Twice a year controversy arises over changing the clocks to daylight saving time from standard time and the other way around. This year daylight saving time begins Sunday, March 14 at 2 a.m. an ends Sunday, November 7, 2 a.m.
“Most people enjoy the extra hour of sunshine however, few want to lose an hour of sleep,” says Ellsworth Buck, Vice President of GreatFlorida Insurance, Florida’s top independent homeowners insurance agency.
According to the Department of Transportation (DOT), their department oversees the Nation’s time zones and the uniform observance of daylight saving time because time standards were first instituted by the railroad industry.
The DOT explains, daylight saving time is observed because it saves energy, saves lives by preventing traffic accidents and reduces crime.
“It seems most people across the U.S. are in favor of no more time adjustments,” says Ellsworth Buck, Vice President of GreatFlorida Insurance, Florida’s largest independent homeowners insurance agency.
Fifteen states have already enacted legislation to make daylight saving time or standard time year-round, ending the practice of changing our clocks twice a year. These states include: Florida, Georgia, Tennessee, Arkansas, South Carolina, Louisiana, Delaware, Maine, California, Ohio, Utah, Washington, Oregon, Wyoming and Idaho.

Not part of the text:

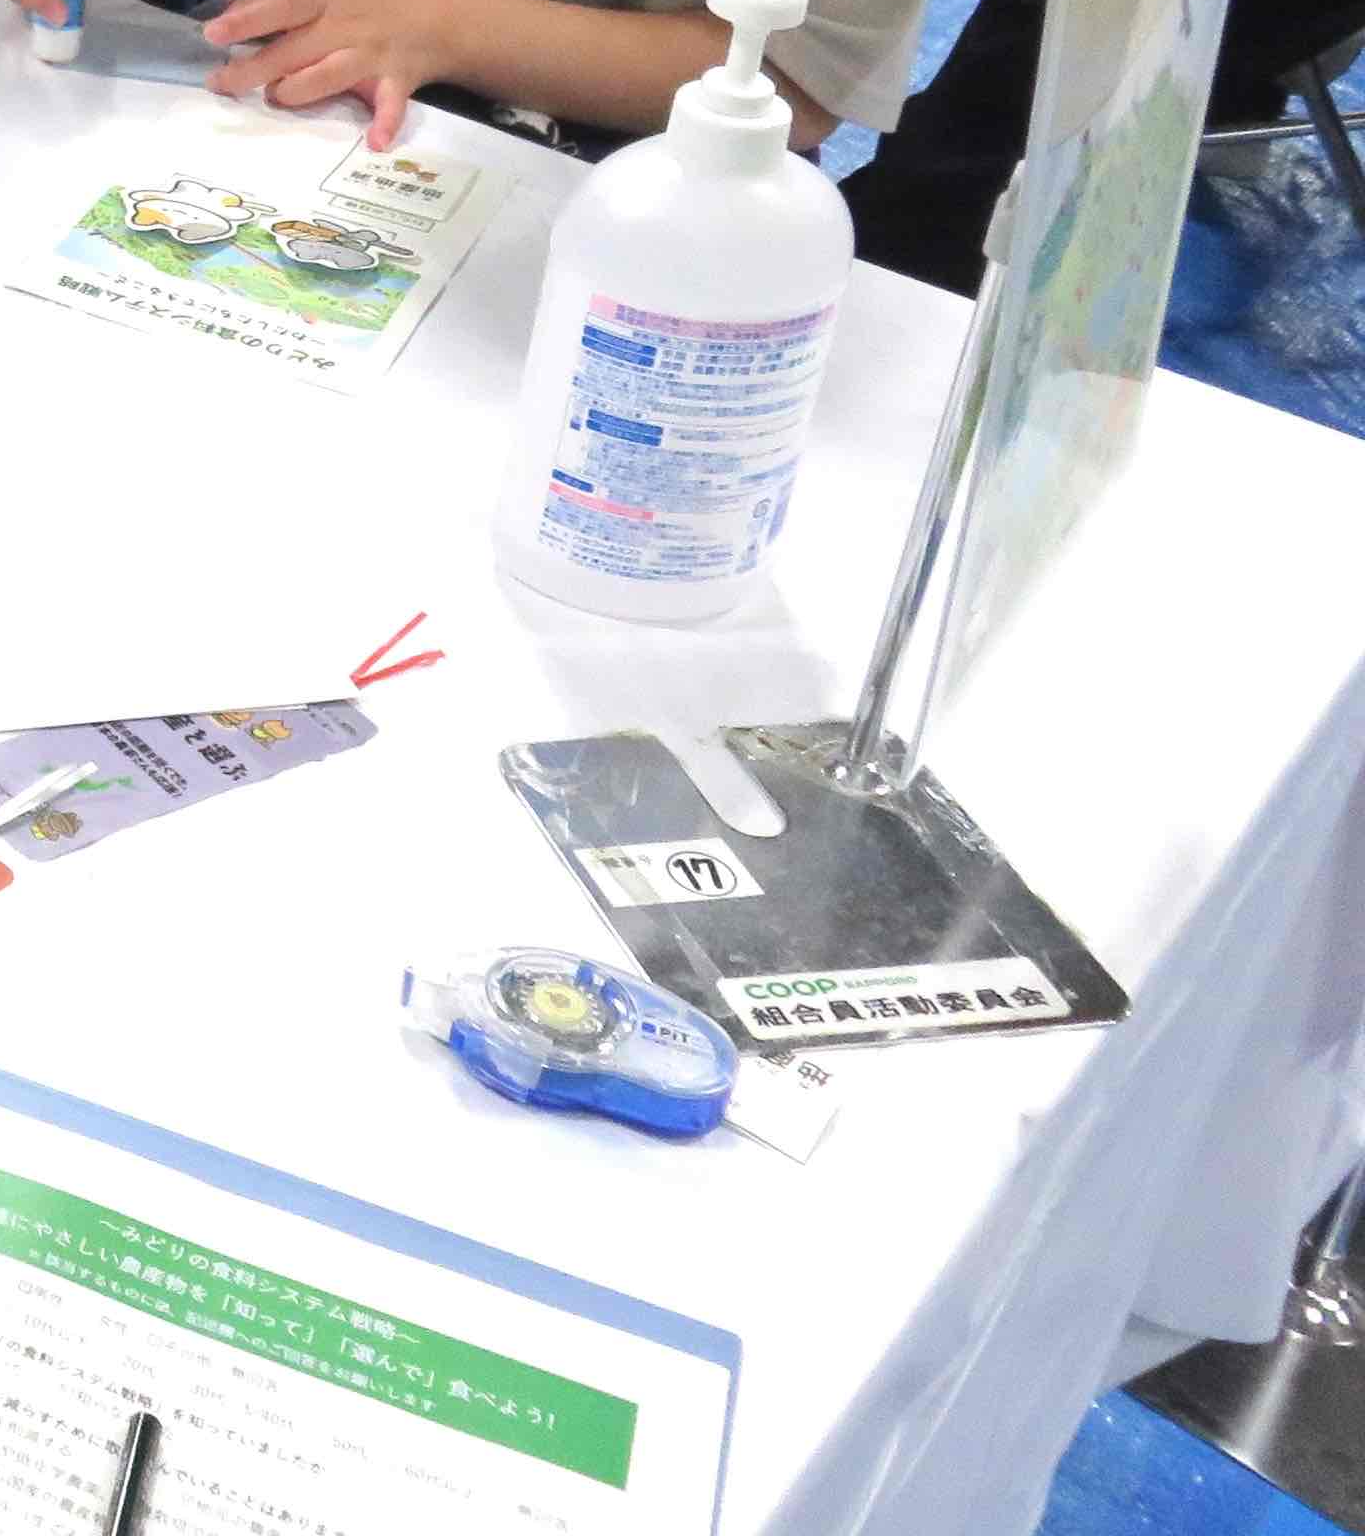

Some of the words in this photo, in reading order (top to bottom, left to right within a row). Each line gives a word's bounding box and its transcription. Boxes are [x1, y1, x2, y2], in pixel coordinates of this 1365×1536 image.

[56, 274, 337, 371] みどりの食料システム戦略
[743, 977, 839, 1001] COOP
[750, 985, 1051, 1029] 組合員活動委員会

Individual states or territories only have power to opt out of daylight saving time. These areas are permanently on standard time: Arizona, Hawaii, Guam, American Samoa, Puerto Rico and the U.S. Virgin Islands.
Any proposals to establish permanent daylight saving time would require Congress to amend the Uniform Time Act. The act says states either must change their clocks to daylight saving time at a specified time and day or adhere to standard time throughout the year.
Sen. Marco Rubio, R-Fla. has been in favor of a year-round daylight saving time for years. He proposed the Sunshine Protection Act of 2019 in effort to end the twice-annual time changes and keep daylight saving time all year in Florida and across the nation. While it passed the Florida Legislature, the bill still requires an amendment to the Uniform Time Act to be observed federally.
Despite popular belief, day light saving time was not created by farmers. In fact, History.com reports the agricultural industry was deeply opposed to the time switch when it was first implemented on March 31, 1918. Daylight saving time was a wartime effort to conserve fuel.